Activity:
Make your reply a word-for-word repeat of the records.

Extracted data:
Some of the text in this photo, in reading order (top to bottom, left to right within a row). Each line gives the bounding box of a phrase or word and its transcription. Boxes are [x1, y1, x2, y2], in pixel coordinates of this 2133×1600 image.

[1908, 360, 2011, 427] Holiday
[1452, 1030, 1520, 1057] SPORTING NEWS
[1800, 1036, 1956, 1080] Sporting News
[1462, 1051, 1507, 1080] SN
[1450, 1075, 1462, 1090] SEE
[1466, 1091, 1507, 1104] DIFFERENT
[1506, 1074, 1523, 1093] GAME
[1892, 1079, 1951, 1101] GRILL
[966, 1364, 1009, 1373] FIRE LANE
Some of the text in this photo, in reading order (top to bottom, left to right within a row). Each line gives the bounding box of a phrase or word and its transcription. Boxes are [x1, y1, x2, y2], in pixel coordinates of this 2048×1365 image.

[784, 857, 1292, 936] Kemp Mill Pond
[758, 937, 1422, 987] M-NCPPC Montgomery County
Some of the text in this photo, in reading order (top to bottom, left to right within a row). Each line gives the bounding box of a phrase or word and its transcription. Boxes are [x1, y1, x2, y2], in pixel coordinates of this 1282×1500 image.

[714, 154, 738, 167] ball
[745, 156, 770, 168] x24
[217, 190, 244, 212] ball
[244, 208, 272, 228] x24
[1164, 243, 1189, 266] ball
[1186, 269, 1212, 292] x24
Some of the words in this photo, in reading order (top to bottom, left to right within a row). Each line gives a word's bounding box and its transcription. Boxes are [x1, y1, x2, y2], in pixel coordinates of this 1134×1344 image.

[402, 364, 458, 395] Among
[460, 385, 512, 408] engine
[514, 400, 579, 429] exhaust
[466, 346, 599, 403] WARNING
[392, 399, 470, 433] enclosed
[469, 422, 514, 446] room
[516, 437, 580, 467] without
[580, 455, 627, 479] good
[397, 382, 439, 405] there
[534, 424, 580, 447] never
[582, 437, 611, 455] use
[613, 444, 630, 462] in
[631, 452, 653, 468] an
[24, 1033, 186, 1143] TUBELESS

Exercise output:
Some of the text in this photo, in reading order (top to bottom, left to right within a row). Each line gives the bounding box of a phrase or word and its transcription. Boxes are [x1, y1, x2, y2], in pixel coordinates of this 2133×1600 image.

[1908, 360, 2011, 427] Holiday
[1452, 1030, 1520, 1057] SPORTING NEWS
[1800, 1036, 1956, 1080] Sporting News
[1462, 1051, 1507, 1080] SN
[1450, 1075, 1462, 1090] SEE
[1466, 1091, 1507, 1104] DIFFERENT
[1506, 1074, 1523, 1093] GAME
[1892, 1079, 1951, 1101] GRILL
[966, 1364, 1009, 1373] FIRE LANE
Some of the text in this photo, in reading order (top to bottom, left to right within a row). Each line gives the bounding box of a phrase or word and its transcription. Boxes are [x1, y1, x2, y2], in pixel coordinates of this 2048×1365 image.

[784, 857, 1292, 936] Kemp Mill Pond
[758, 937, 1422, 987] M-NCPPC Montgomery County
Some of the text in this photo, in reading order (top to bottom, left to right within a row). Each line gives the bounding box of a phrase or word and its transcription. Boxes are [x1, y1, x2, y2], in pixel coordinates of this 1282×1500 image.

[714, 154, 738, 167] ball
[745, 156, 770, 168] x24
[217, 190, 244, 212] ball
[244, 208, 272, 228] x24
[1164, 243, 1189, 266] ball
[1186, 269, 1212, 292] x24
Some of the words in this photo, in reading order (top to bottom, left to right within a row). Each line gives a word's bounding box and its transcription. Boxes are [x1, y1, x2, y2], in pixel coordinates of this 1134×1344 image.

[402, 364, 458, 395] Among
[460, 385, 512, 408] engine
[514, 400, 579, 429] exhaust
[466, 346, 599, 403] WARNING
[392, 399, 470, 433] enclosed
[469, 422, 514, 446] room
[516, 437, 580, 467] without
[580, 455, 627, 479] good
[397, 382, 439, 405] there
[534, 424, 580, 447] never
[582, 437, 611, 455] use
[613, 444, 630, 462] in
[631, 452, 653, 468] an
[24, 1033, 186, 1143] TUBELESS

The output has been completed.